Castle Frankenstein cannot withstand the destructive power of Dracula and is falling apart quickly prompting Van Helsing to escape. After arriving at the main courtyard Anna greets Van Helsing with a horse-drawn carriage with aim to flee the castle, they are chased by a Bride.

Carriage Ride

Pursuing Van Helsing and Anna en route to Igor to acquire the Key to Castle Dracula on separate carriages, are the remaining two Brides who seek revenge. After attacking Helsing's carriage he abandons it off a cliff and the Brides follow it down a cliff to reveal it was only disguising an improvised vampire killing bomb, not the monster they were looking to acquire for their master Dracula. The bomb ends up killing Verona, a second Bride of Dracula. Prior to ditching his carriage Helsing jumped to Anna's, but a fallen tree in the path forced them to abandon that carriage as well, Anna was grabbed by the remaining Bride, while Velkan has come back for Helsing. After defeating Velkan's werewolf form yet again he informs Helsing of the location of Igor. After sharing the information, Velkan makes one last attack on Helsing, biting him, giving him lycanthropy, then dying.

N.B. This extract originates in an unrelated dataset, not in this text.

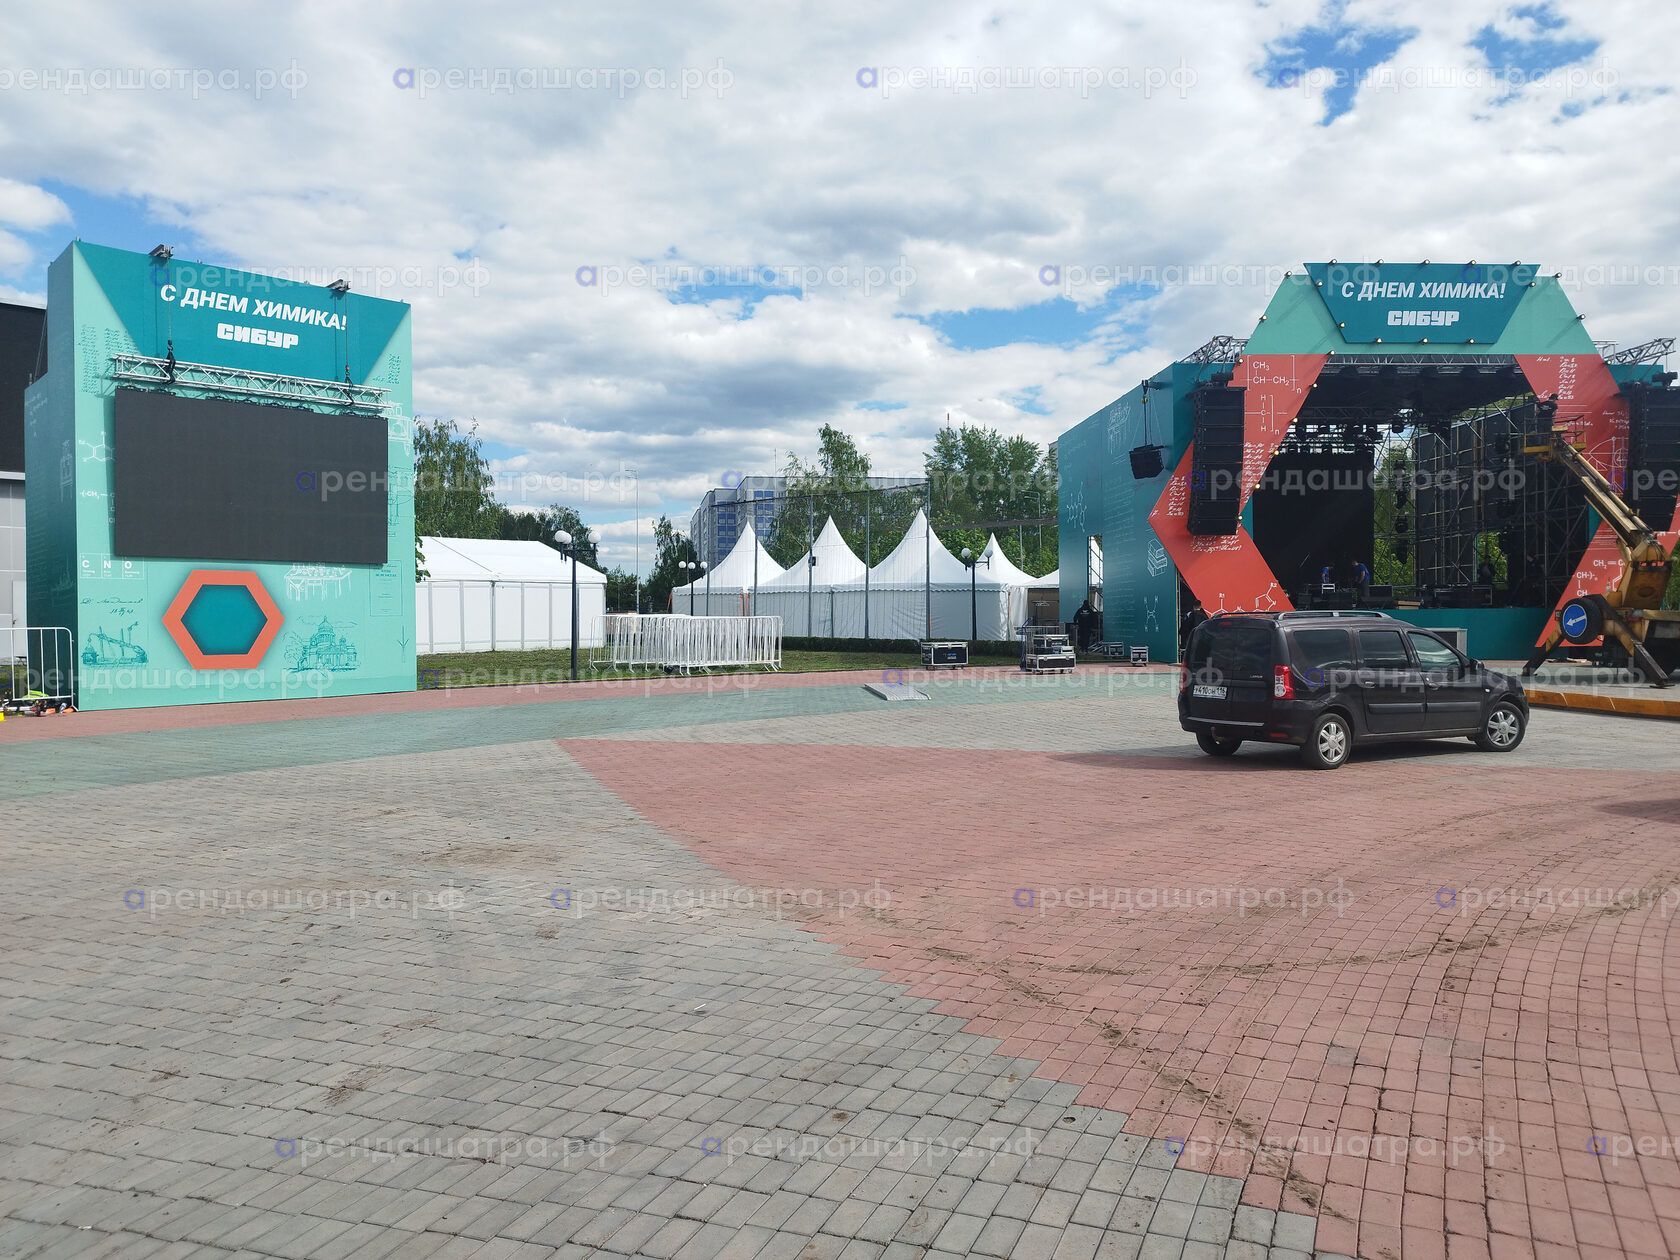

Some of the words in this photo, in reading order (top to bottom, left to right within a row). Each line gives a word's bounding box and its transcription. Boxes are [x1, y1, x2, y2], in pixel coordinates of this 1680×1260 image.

After pursuing Igor though the forest for the portal key to Castle Dracula and finally encountering him, Van Helsing is approached again by the ghost of Velarious, who addresses him as Gabriel without him having memory.

Castle Dracula

Now in the realm of Dracula's Castle, in pursuit of answers to his past, retribution for past sins forgotten, Van Helsing delves deeper finding Anna bound to a cross. After freeing her she discovers him Van Helsing being bitten and her brother killed in defense. The reunion cut short by the roof collapsing on them, opening the floor below. After continuing deeper into the icy realm of Dracula's Castle, Van Helsing defeats the final Bride of Dracula, Aleera, with a silver stake through the heart. Prior to the battle she had been waiting 400 years for the moment to kill Helsing.

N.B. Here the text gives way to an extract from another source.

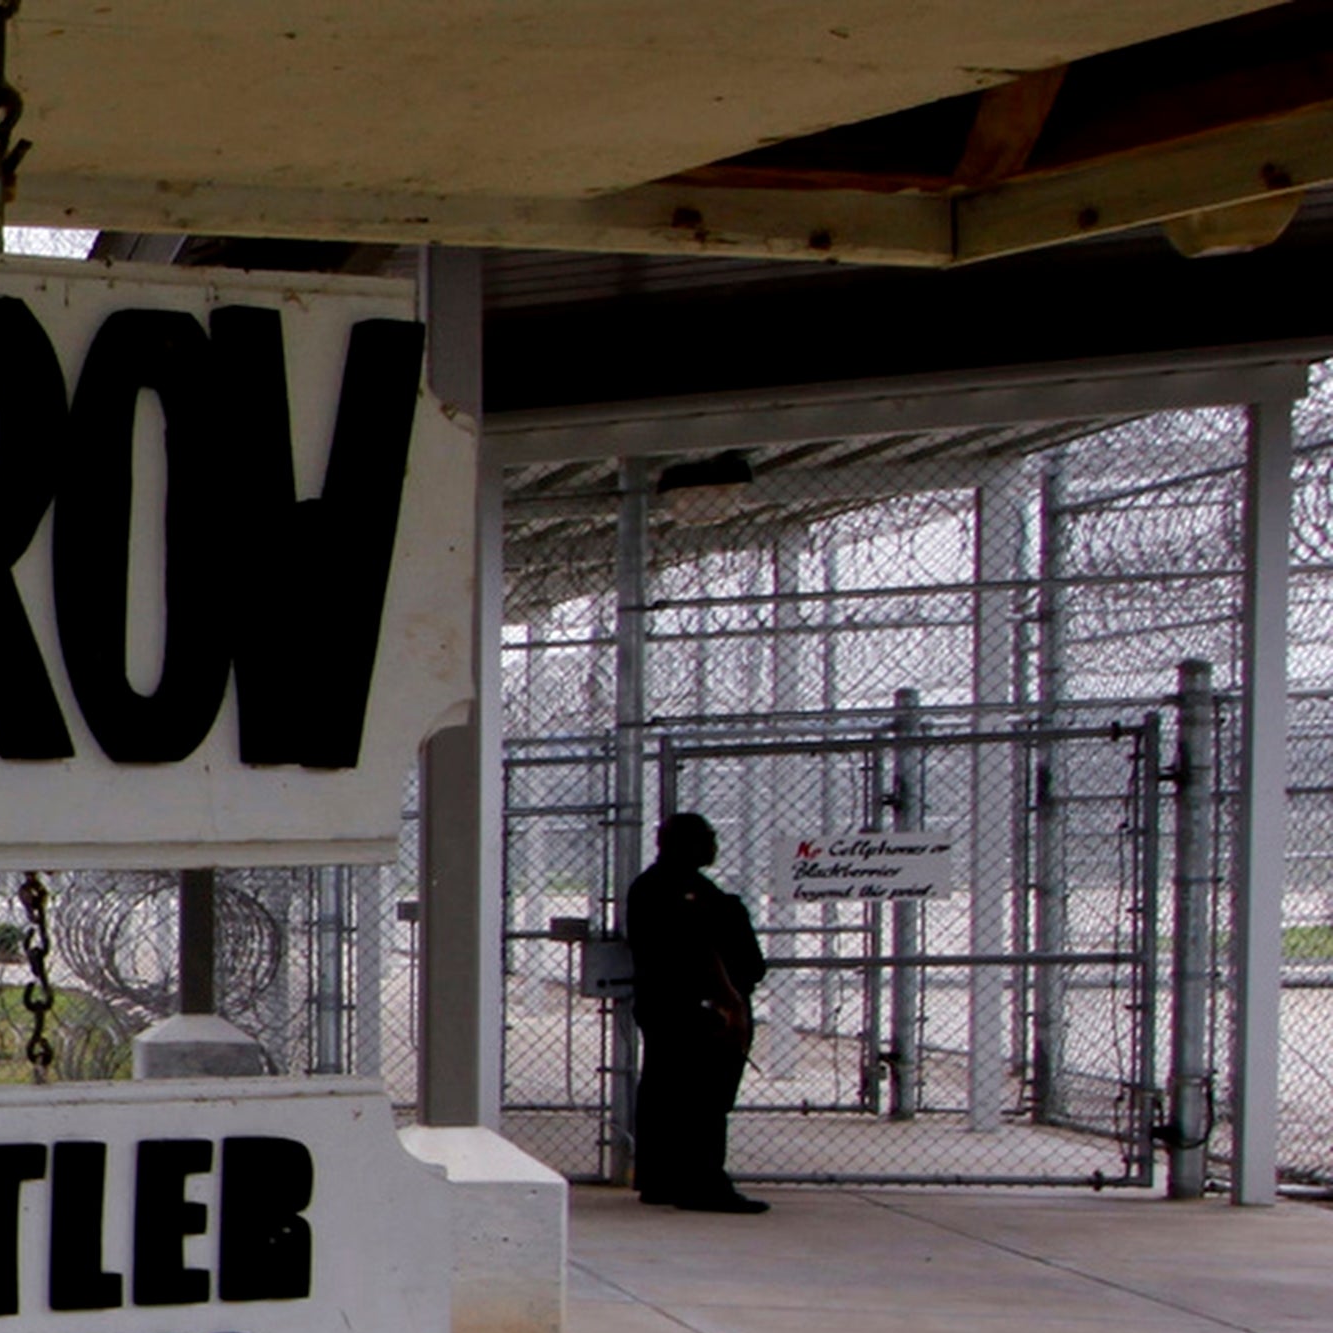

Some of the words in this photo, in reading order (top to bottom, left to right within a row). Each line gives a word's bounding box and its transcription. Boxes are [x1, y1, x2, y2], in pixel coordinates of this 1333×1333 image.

[794, 840, 821, 859] No
[827, 838, 926, 861] Cellphones
[791, 884, 854, 902] beyond
[859, 882, 887, 898] this

At the top of the tower in Dracula's Castle Helsing finds the Frankenstein monster attached to a mechanism acting as a generator to give life to Dracula's offspring. After freeing him, Van Helsing descends the tower and Dracula is there waiting for him, calling Helsing Gabriel then transforming to his demon form. At the stroke of midnight, Van Helsing (Gabriel), transforms into a werewolf, striking fear into Dracula even in his demon form. After killing Dracula as a werewolf, Anna attempts to cure him but is stricken down and killed in the process. Reverting to human form, Van Helsing blames himself for her death. He watches as her soul leaves.

== Reception ==

The PlayStation 2 and Xbox versions received "mixed" reviews, earning a score of 64/100 and 63/100, respectively, while the Game Boy Advance version received "unfavorable" reviews, earning a score of 33/100, according to the review aggregation website Metacritic. The Game Boy Advance version is one of the lowest scored games for the platform on Metacritic.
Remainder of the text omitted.